Results: We observed a median of 30 SNVs (IQR 16.5-40.25) per patient from WES, compared to only 2 (IQR 1-3.25) if using the AML-focused canonical panel alone (p < 0.0001) (Fig. 1A). This number of variants enabled sensitive molecular disease monitoring in 96% (23/24) of patients with a LOD of < 0.01% tumor fraction from typical quantities of cell-free DNA. In contrast, when using the canonical panel alone, only 83% (20/24) of patients had 1 or more SNV to allow MRD detection. Notably, only 12.5% (3/24) of patients in this cohort had a feature amenable to SOC molecular MRD methods.

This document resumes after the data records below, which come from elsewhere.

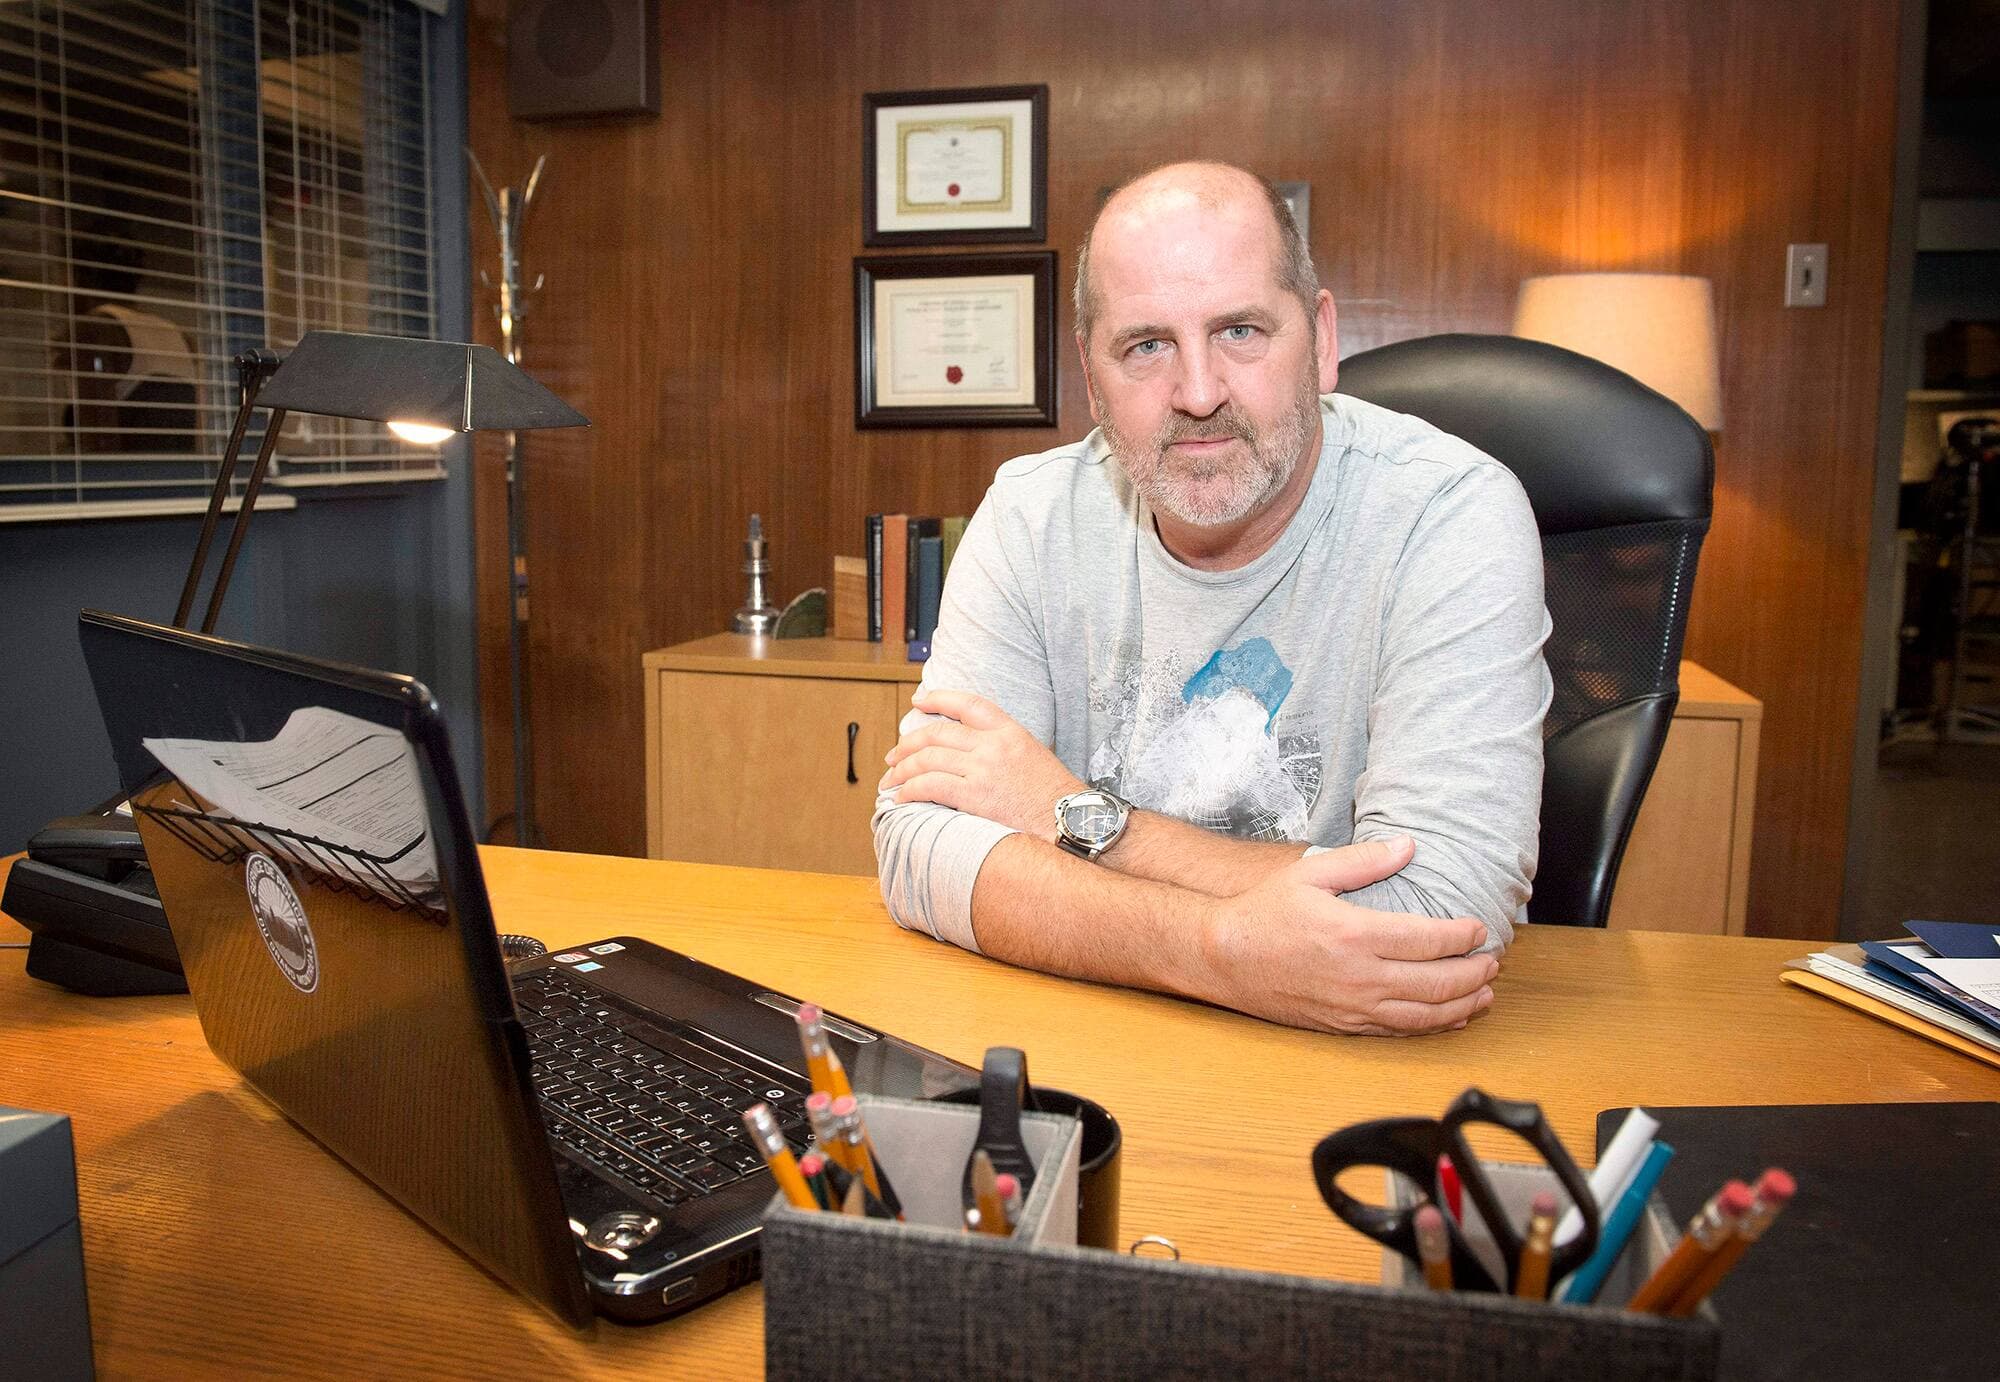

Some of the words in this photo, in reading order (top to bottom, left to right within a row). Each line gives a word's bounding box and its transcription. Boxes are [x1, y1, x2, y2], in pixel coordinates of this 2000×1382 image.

[263, 861, 275, 879] DE
[276, 875, 304, 926] POLICE
[259, 917, 269, 937] DU
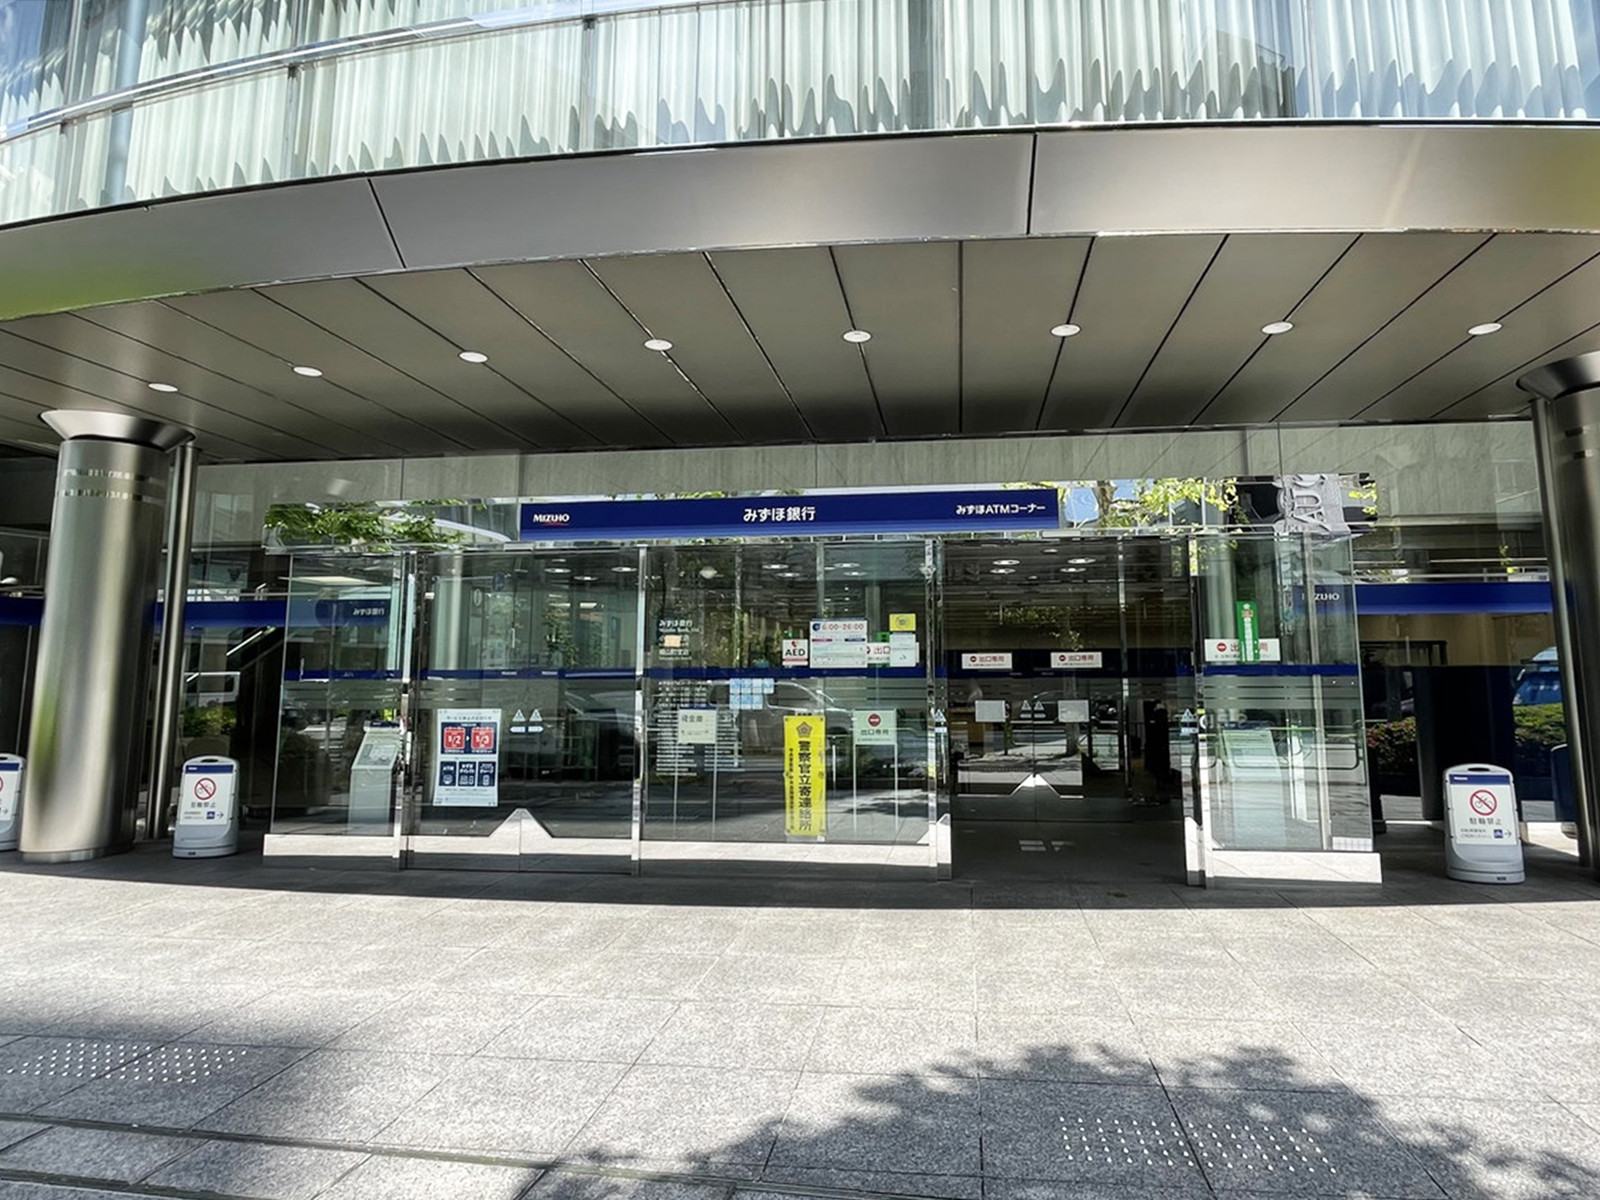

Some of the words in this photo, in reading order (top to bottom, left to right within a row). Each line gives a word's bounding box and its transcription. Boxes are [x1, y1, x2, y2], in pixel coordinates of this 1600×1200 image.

[743, 506, 816, 522] みずほ銀行
[956, 503, 1046, 515] みずほATMコーナー
[533, 513, 570, 523] MIZUHO
[785, 648, 806, 656] AED
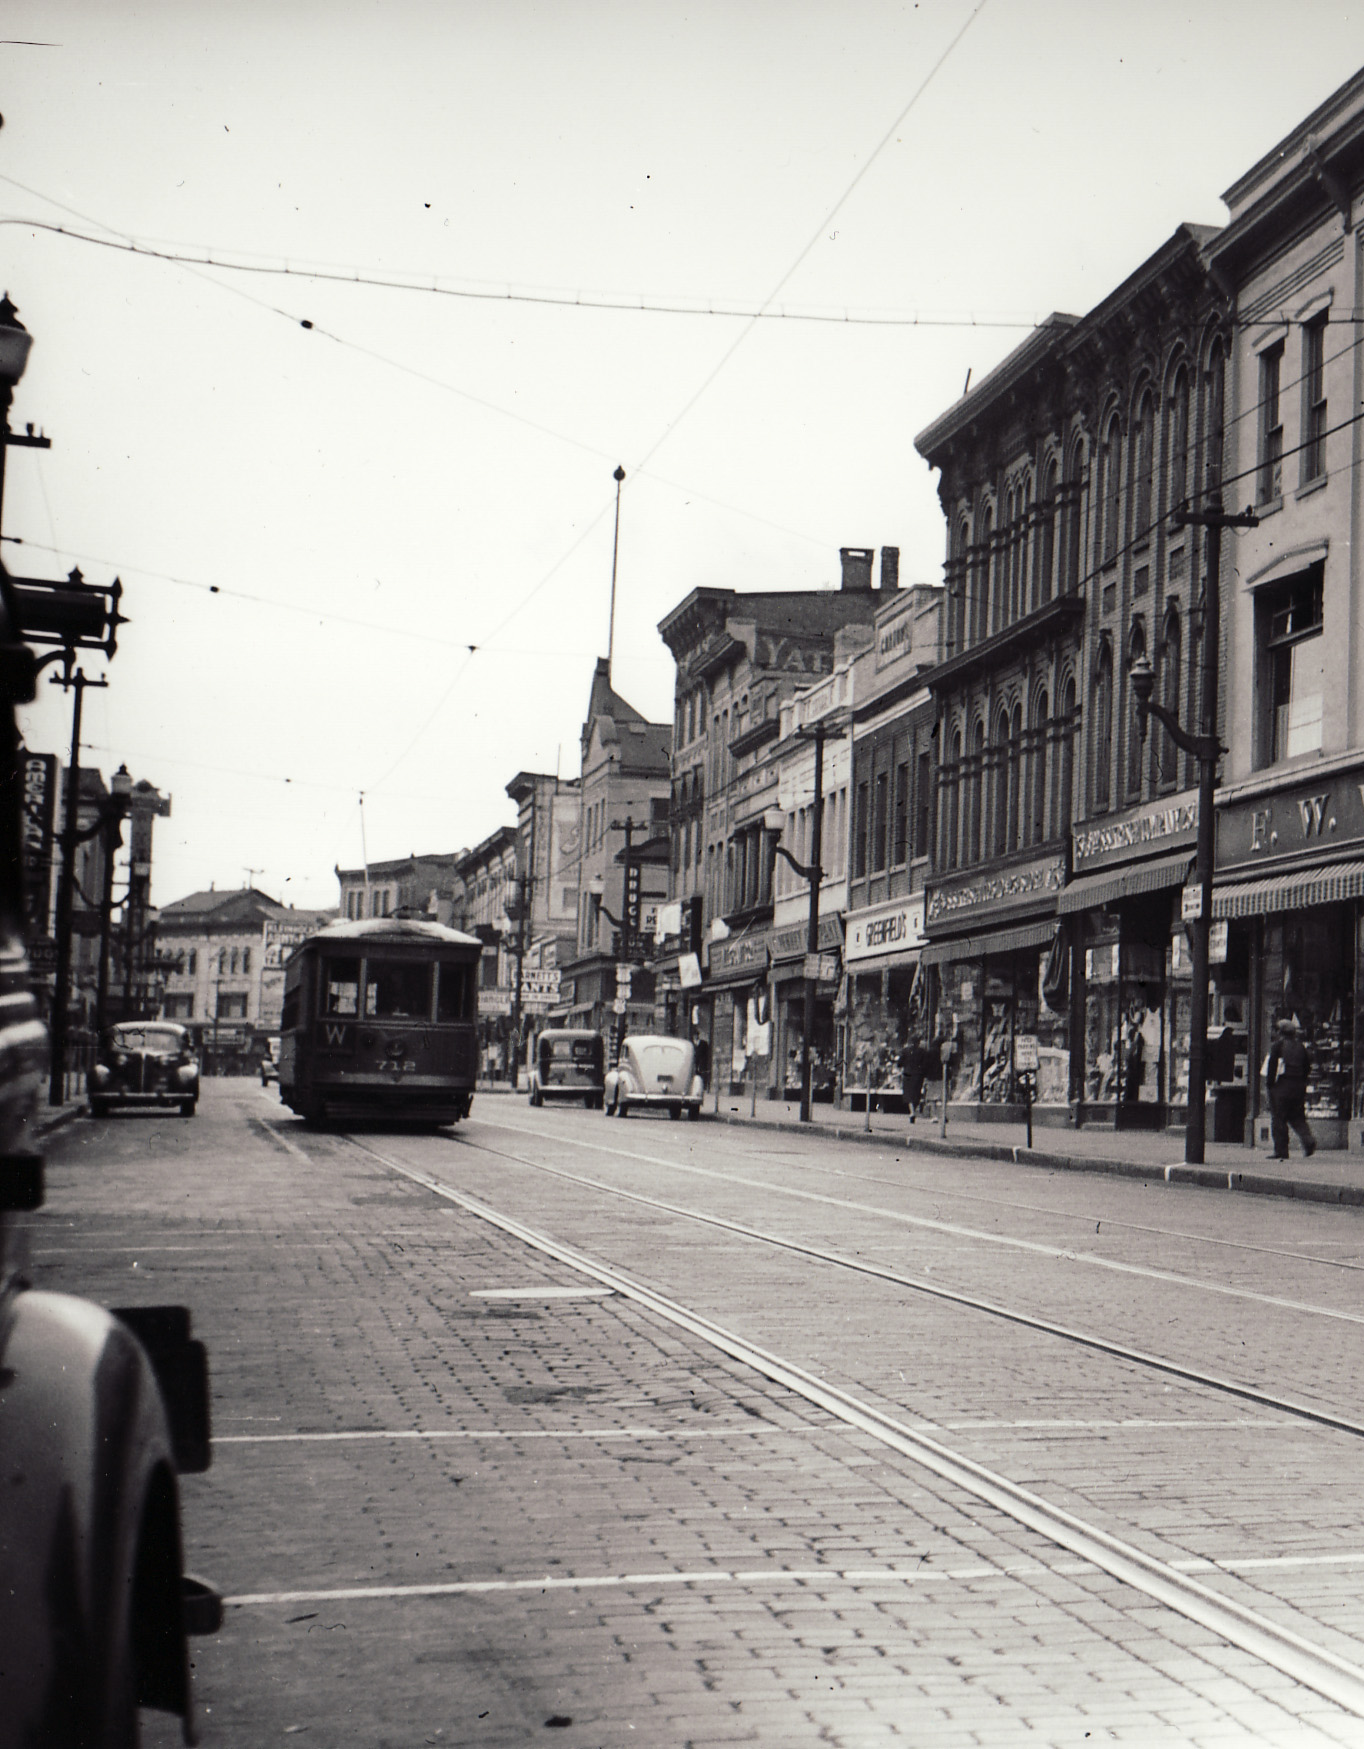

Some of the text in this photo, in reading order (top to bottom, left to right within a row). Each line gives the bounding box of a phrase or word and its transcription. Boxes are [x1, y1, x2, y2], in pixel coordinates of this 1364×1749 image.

Upon comparing quantitative levels of MRD in each biological compartment, we found that tumor burden in PB-ctDNA, BM-ctDNA and BMMC samples were highly correlated (r > 0.92, p < 0.0001) with similar amounts of disease. Interestingly, PB-ctDNA contained quantitatively more tumor DNA than corresponding PBMC samples (p = 0.0002), most pronounced at low tumor burdens (median 8.2-fold enrichment when mean tumor allele fraction in PBMCs was < 1%). These results suggest that PB-ctDNA effectively captures total body BM disease and mutational burden in AML and serves as a superior analyte for MRD monitoring compared to PBMCs.

When evaluating the performance of AML-CAPP-Seq against clinical SOC methods, our assay correctly detected molecular disease in 99.6% (237/238) of samples known to contain measurable disease, including 98.2% (54/55) of samples at timepoints of clinical MRD positivity during clinical remission (CR). However, restricting trackable SNVs to only ‘canonical’ genes led to significant degradation of performance. Specifically, only 69.1% (38/55) of samples with positive MRD during CR by clinical SOC assay were detected by ctDNA if canonical genes alone were employed (p = 0.0001). Intriguingly, when using the complete gene panel, AML-CAPP-Seq also identified molecular MRD in 37.5% (30/80) of samples with undetectable MRD by SOC assays.

Finally, stratifying patients who achieved CR after 1st treatment line based on PB-ctDNA MRD significantly predicted relapse free survival (p = 0.046, hazard ratio (HR) = 4.5). Moreover, attaining an MRD negative CR in PB-ctDNA at any timepoint was strongly prognostic of overall survival (p = 0.0004, HR = 8.5) (Fig. 1B).

Conclusions: ctDNA is a promising biomarker for ultrasensitive detection and tracking of MRD in AML without need for invasive bone marrow assessment. Tracking mutations beyond canonical AML genes improves performance of such assays. ctDNA analysis has numerous areas of clinical utility, including response and relapse prediction, evaluation of clonal dynamics, and exploration of mechanisms of therapy resistance.